- Nicholaus Arson with The Hives at the Southside Festival in 2024

Background information
- Also known as: Randy Fitzsimmons
- Born: Säter, Dalarna, Sweden
- Genres: Alternative rock; garage punk; garage rock revival; post-punk revival;
- Occupation: Guitarist
- Years active: 1989–present
- Member of: The Hives
- Website: thehives.com

= Niklas Almqvist =

Swedish rock guitarist

Niklas Almqvist is a Swedish musician who is the lead guitarist of the garage rock band The Hives, of which his brother Howlin' Pelle is the lead singer.

==Career==
Arson and his brother Per (Howlin' Pelle, lead singer) formed the band in 1993, and, according to a biography about the band, attracted the attention of promoter/manager/songwriter Randy Fitzsimmons (possibly a fictional character), who propelled the band to fame.

It was revealed in NME that Randy Fitzsimmons is a registered pseudonym belonging to Arson. This has led many to believe that Randy Fitzsimmons is in fact a myth, and that it is Arson who writes the songs. Arson and the rest of the band deny this and insist on the existence of Randy Fitzsimmons as the band's songwriter.

== Equipment ==
Nicholaus uses almost exclusively Fender Telecaster, Esquire or Telecaster Deluxe style guitars (though he is seen playing a Danelectro in the Hate to Say I Told You So video). He also plays "The Arsonette" a custom built guitar by Sundberg Guitars, with tone chambers and a Firebird style midsection to give it a short, dead tone with little to no sustain. His guitars often reflect the outfits of the band with different combos of black and white finishes and pickguards. Along with Vigilante Carlstroem and Dr. Matt Destruction, Arson uses white Hiwatt amplifiers.
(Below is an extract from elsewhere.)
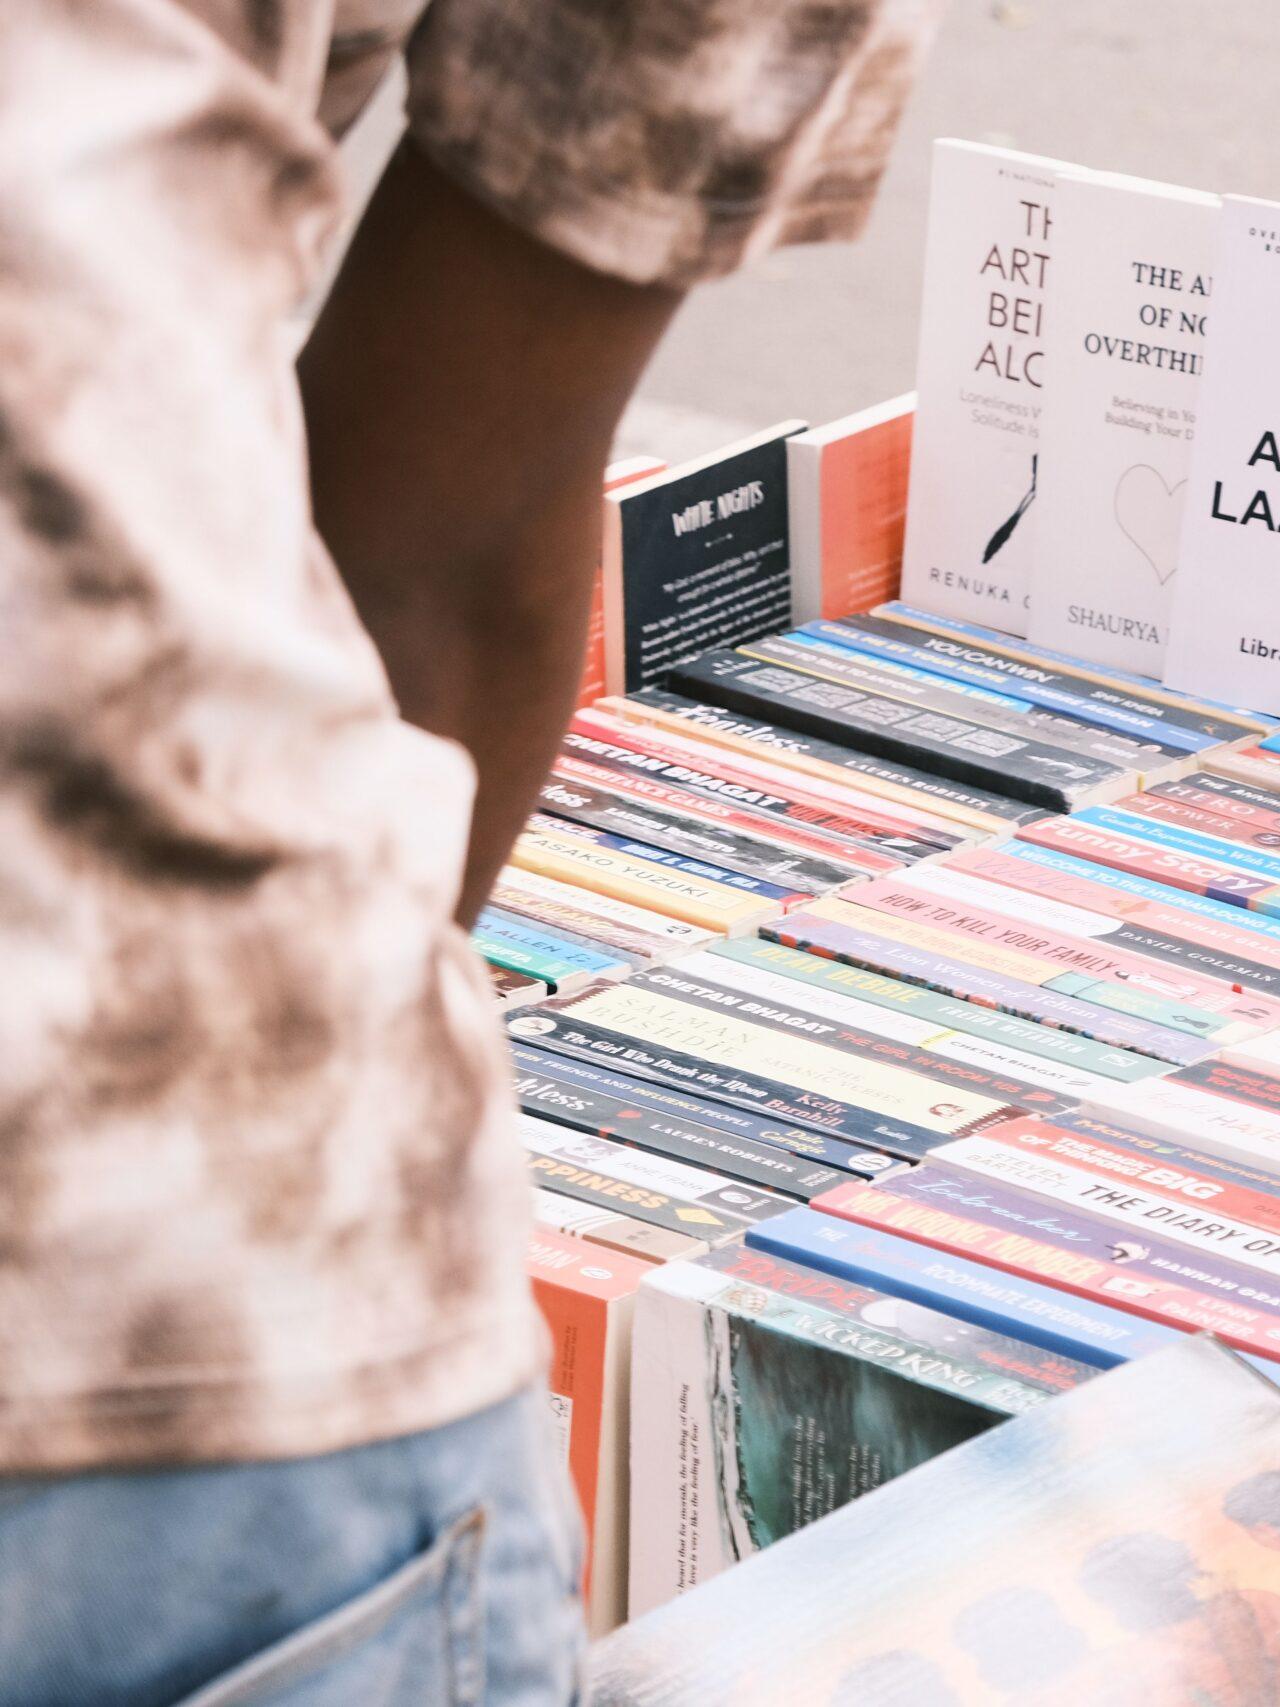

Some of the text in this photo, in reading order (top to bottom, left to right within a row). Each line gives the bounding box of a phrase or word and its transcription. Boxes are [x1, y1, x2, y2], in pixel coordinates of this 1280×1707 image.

Although he does not rely on effects, he uses an Electro-Harmonix Micro POG, a Boss AW-3 auto wah, a Boss DD-3 digital delay and a Prunes & Custard Harmonic Generator-Intermodulator for certain songs or sounds.

==Discography==

- Barely Legal (1997)
- Veni Vidi Vicious (2000)
- Tyrannosaurus Hives (2004)
- The Black and White Album (2007)
- Lex Hives (2012)
- The Death of Randy Fitzsimmons (2023)
- The Hives Forever Forever The Hives (2025)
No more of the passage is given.